**WHAT IS NEEDED**
Some lines in the entries contain the word "BOOKS". Copy all of them.

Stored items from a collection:
::::
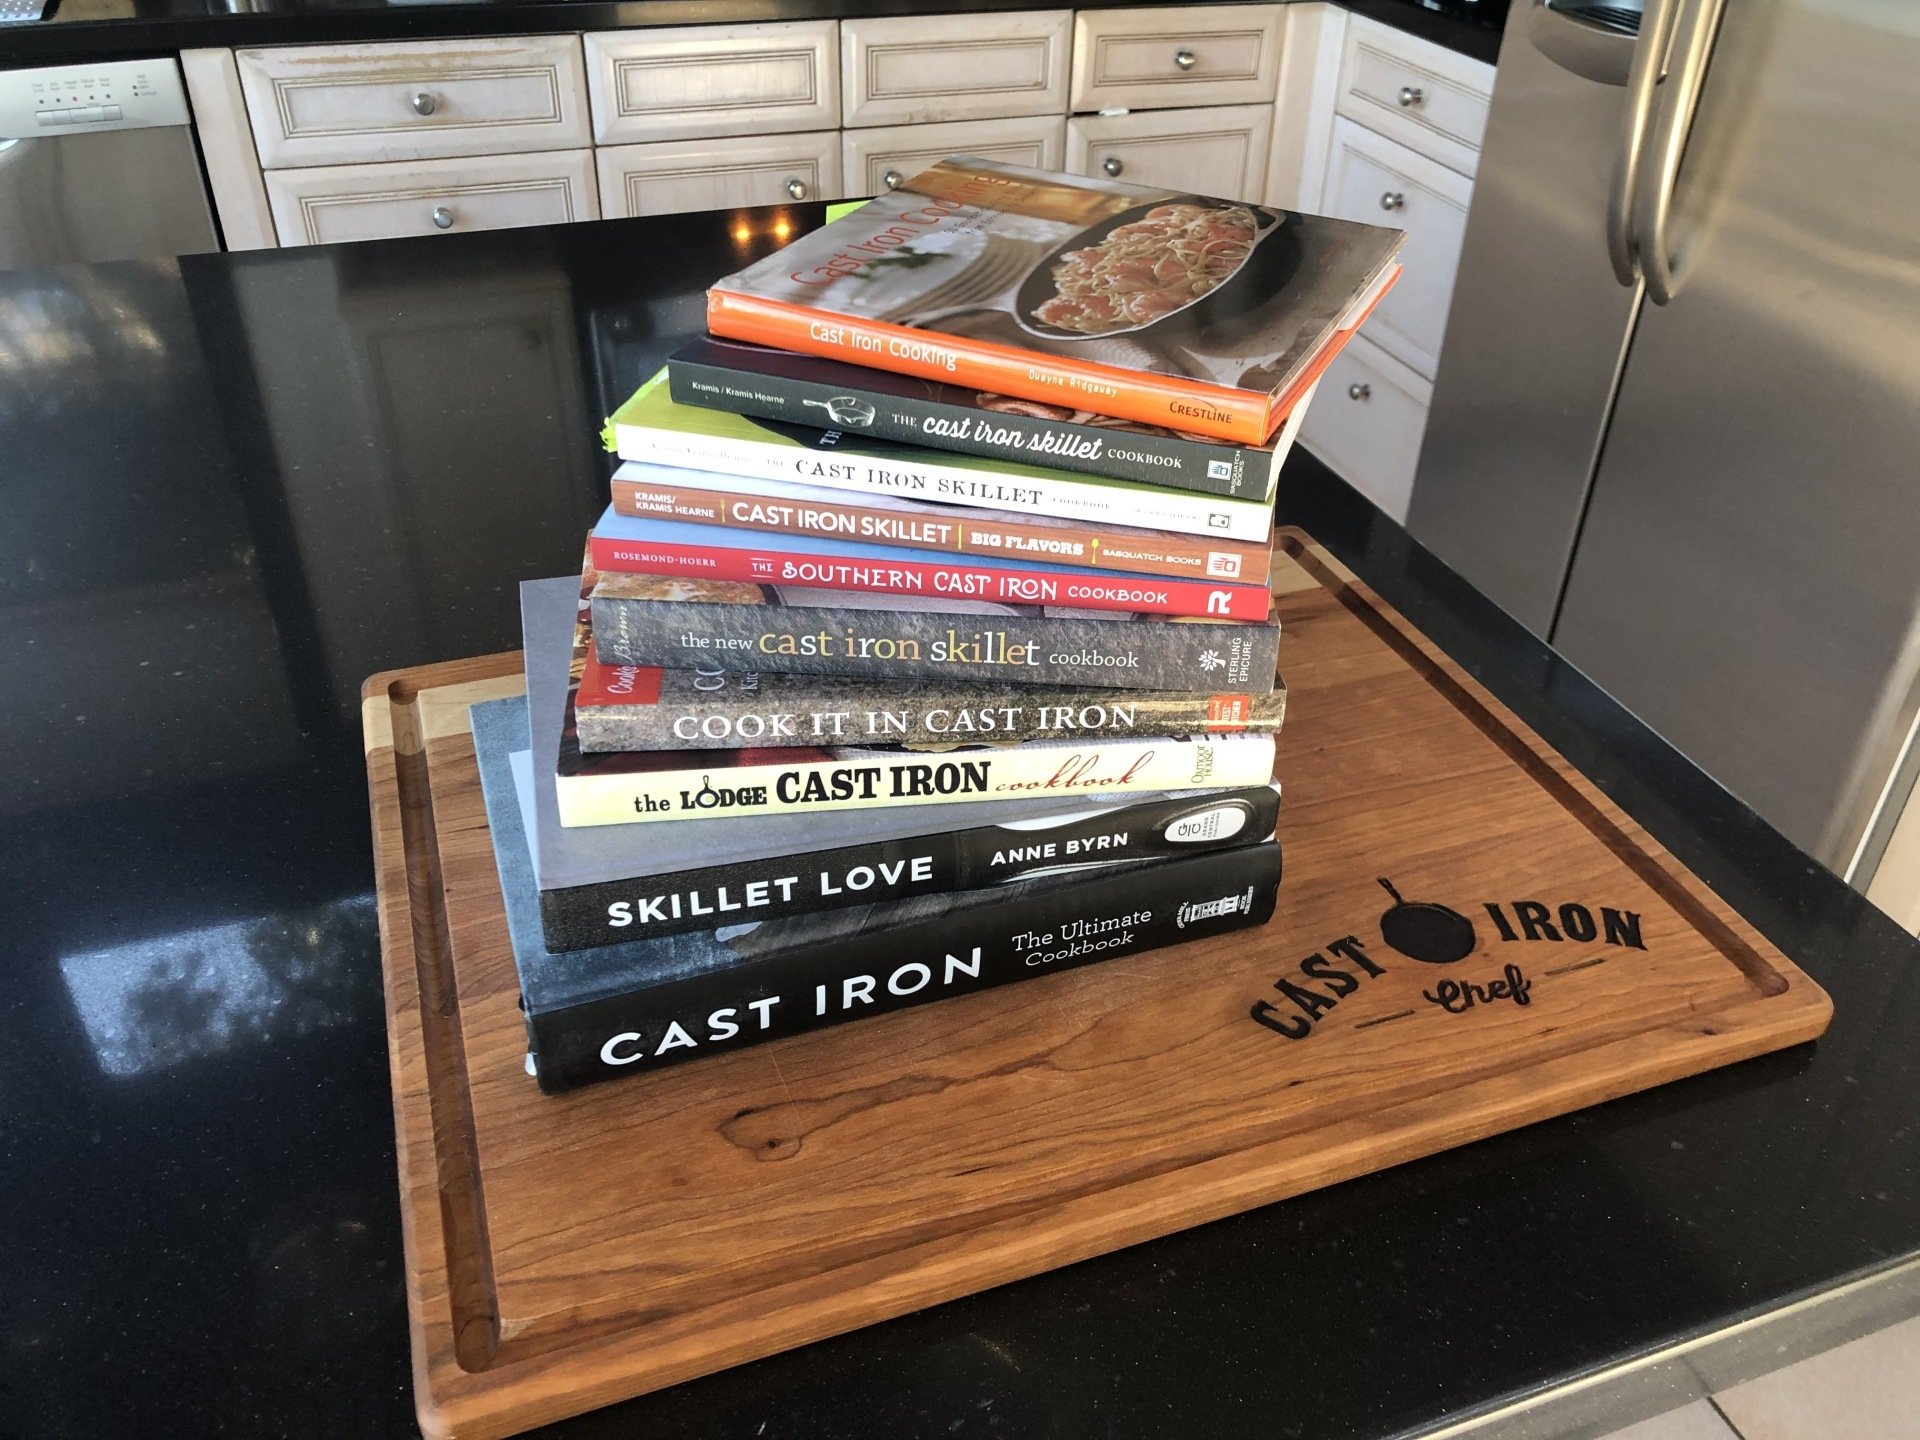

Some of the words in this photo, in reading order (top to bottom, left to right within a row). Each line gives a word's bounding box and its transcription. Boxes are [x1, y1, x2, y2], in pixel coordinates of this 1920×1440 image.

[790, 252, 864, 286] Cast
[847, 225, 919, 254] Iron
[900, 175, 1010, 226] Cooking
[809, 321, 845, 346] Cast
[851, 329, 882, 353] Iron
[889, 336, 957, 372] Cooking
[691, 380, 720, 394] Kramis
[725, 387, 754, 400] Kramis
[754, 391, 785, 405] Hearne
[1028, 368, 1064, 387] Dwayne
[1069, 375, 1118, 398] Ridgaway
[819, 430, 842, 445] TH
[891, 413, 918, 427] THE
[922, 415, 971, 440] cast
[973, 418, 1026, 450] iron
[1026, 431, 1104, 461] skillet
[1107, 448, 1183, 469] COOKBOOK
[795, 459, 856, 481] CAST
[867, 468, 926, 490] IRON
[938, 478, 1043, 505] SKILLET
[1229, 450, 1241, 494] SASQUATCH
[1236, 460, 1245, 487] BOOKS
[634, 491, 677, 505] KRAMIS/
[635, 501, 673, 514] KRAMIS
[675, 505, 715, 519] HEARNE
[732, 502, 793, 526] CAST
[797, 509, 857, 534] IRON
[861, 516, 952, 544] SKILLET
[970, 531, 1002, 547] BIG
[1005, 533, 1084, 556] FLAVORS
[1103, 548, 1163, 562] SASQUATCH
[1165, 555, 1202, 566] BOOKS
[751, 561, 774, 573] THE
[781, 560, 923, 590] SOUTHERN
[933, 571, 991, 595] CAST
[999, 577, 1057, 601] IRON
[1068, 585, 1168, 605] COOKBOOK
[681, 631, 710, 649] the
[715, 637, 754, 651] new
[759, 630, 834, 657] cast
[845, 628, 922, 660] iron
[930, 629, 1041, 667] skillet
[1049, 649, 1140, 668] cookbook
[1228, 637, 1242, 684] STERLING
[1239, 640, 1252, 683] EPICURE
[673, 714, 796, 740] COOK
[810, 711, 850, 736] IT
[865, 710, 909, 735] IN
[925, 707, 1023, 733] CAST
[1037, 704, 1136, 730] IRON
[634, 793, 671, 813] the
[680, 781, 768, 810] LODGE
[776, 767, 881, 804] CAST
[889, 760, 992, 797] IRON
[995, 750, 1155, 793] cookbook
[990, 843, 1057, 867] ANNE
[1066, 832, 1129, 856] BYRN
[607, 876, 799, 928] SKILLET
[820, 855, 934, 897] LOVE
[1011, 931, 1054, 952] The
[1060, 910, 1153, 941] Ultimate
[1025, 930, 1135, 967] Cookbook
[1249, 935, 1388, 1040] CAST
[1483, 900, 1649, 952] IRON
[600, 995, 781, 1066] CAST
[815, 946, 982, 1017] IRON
::::
**EXERCISE RESULT**
[1236, 460, 1245, 487] BOOKS
[1165, 555, 1202, 566] BOOKS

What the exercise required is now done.